63. Look behind you, what do you see?
More office, and a very bitter Proofing department.

64. Have you ever worked in a food place?
Yes, a grocery store, a fish & chip shop, and a pizza/pasta restaurant.

65. What would you name your future daughter?
I named my actual one already. Future ones are out of the question unless I found a new husband who hadn't had a vasectomy.

66. Any summer plans for 2009?
Yeah, to improve my attitude. Did it work?

67. What’s on your schedule for tomorrow?
Get up, do fucking everything, go to work, do fucking everything, come home, hear about how I haven't done enough. This questionnaire is depressing me.

68. Does anyone know your Facebook password?
Well, technically I haven't told anyone, but I'm 100% sure my husband would know it if he tried to log in. Which he wouldn't, because he's Facebook phobic.

69. Would you like some cake?
From The Erotic Bakery please. A giant wang cake. With shaved nuts. I love how that's question 69. OK, that made me smile.
For my actual bio, here's a little info.  Some is in that we boxy thing on the top right of the blog.

I'm a wife, mother (of one), web developer (a.k.a. "computer geek" or "programmer" or "web application developer", or ... fuck it, you get the point) and musician (I play bass and some guitar).

I'm also a Twilighted validation beta, as well as traditional beta to a few fuckawesome writers, including the ever-awesome GreenPuma, LittleYellowPorsche, and DiamondHeart.

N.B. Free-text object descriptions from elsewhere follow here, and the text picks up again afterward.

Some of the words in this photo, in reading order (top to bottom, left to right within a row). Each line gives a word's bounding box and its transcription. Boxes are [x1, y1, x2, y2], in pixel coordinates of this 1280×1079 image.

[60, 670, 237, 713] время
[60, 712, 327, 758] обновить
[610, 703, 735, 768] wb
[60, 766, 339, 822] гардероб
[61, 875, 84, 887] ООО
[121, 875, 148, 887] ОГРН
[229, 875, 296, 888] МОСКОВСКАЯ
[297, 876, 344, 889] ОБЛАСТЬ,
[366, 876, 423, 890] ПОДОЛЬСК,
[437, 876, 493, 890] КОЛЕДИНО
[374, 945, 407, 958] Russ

Oh, and yes, my penname comes from the Outlander series by Diana Gabaldon.  If I had my way, and lived in porn-world, I'd have a big room filled with me, Jamie, Roger, Edward, Jasper, Carlisle, and a few really hot (but totally natural) chicks.

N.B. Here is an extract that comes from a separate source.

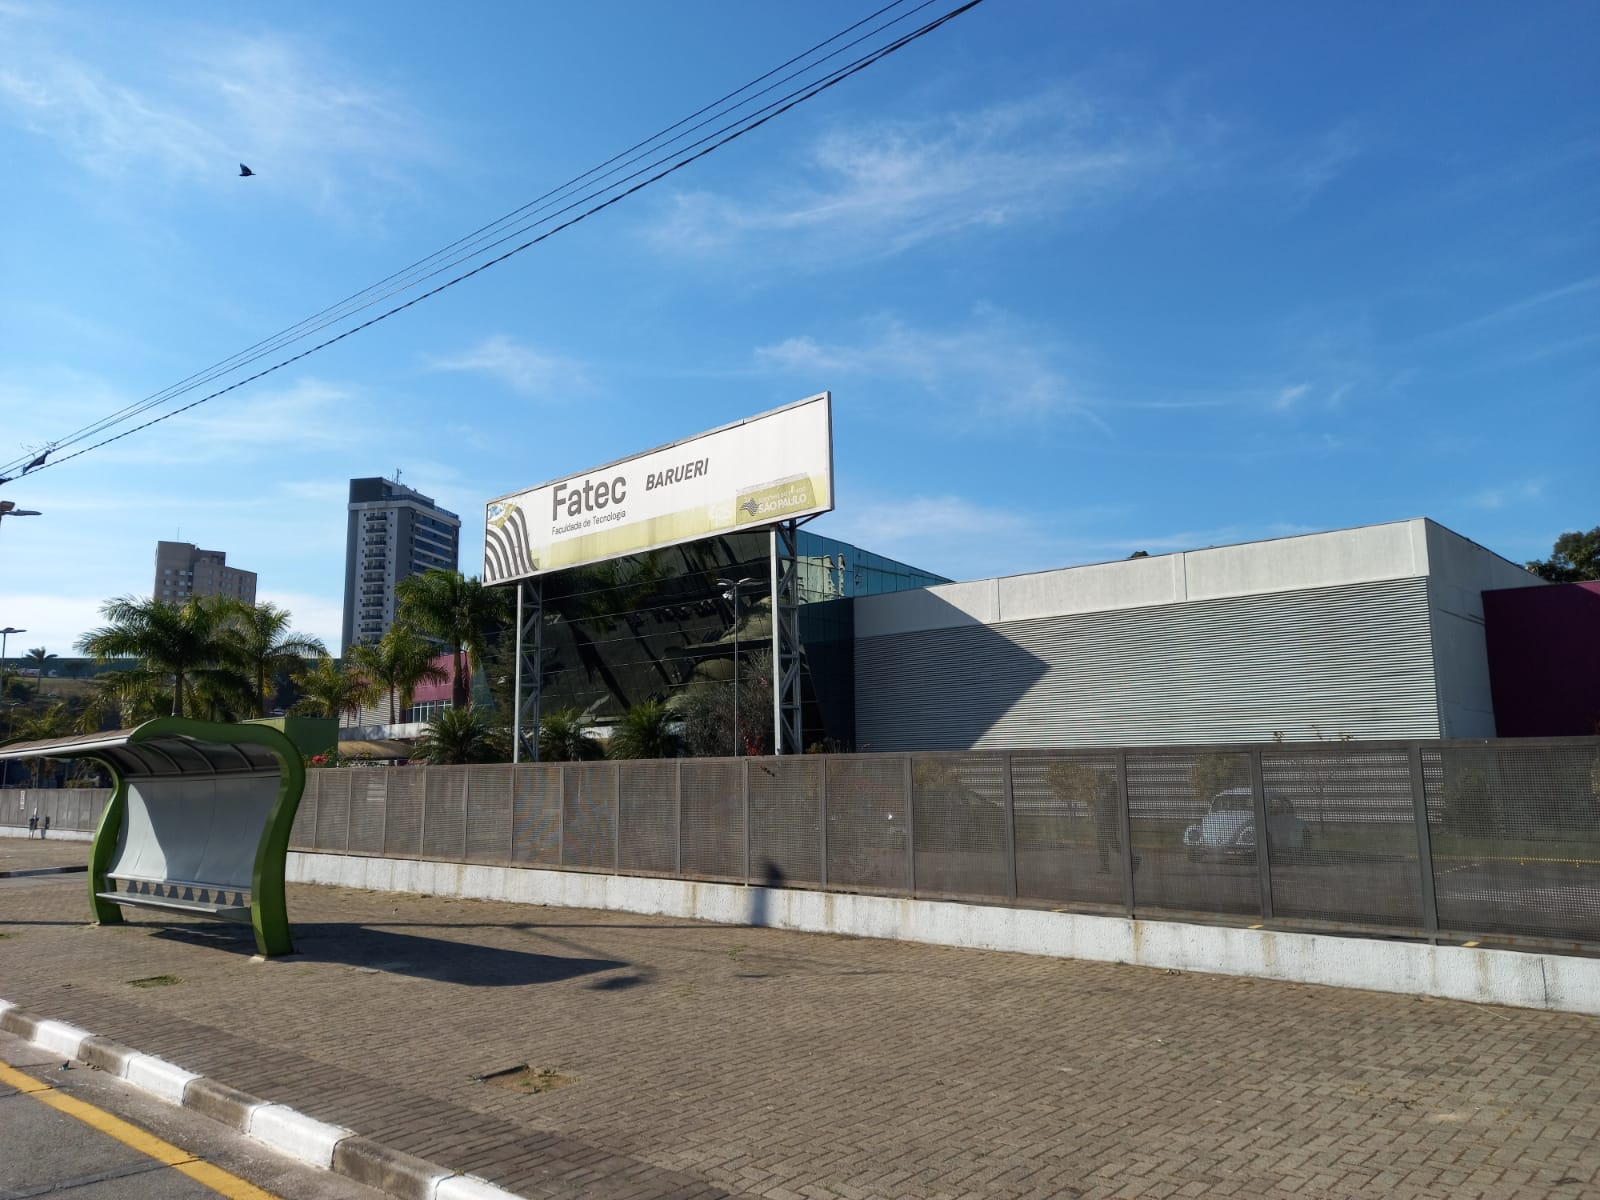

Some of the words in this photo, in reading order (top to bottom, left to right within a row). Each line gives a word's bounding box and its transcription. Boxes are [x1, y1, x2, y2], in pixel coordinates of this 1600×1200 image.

30 minutes later...OK, back now.  Had to take a cold shower.  (Translation: Find new batteries).

Oh, and about my fics.  Well... I have some.  They are linked on the top right also.  Check 'em out.



1 comment:

  1. Ha, I read that, and then remembered why I block facebook quizes.

    The book reference from the reviews also now makes sense. My aunt reads outlander too, but I never recognize the author's name.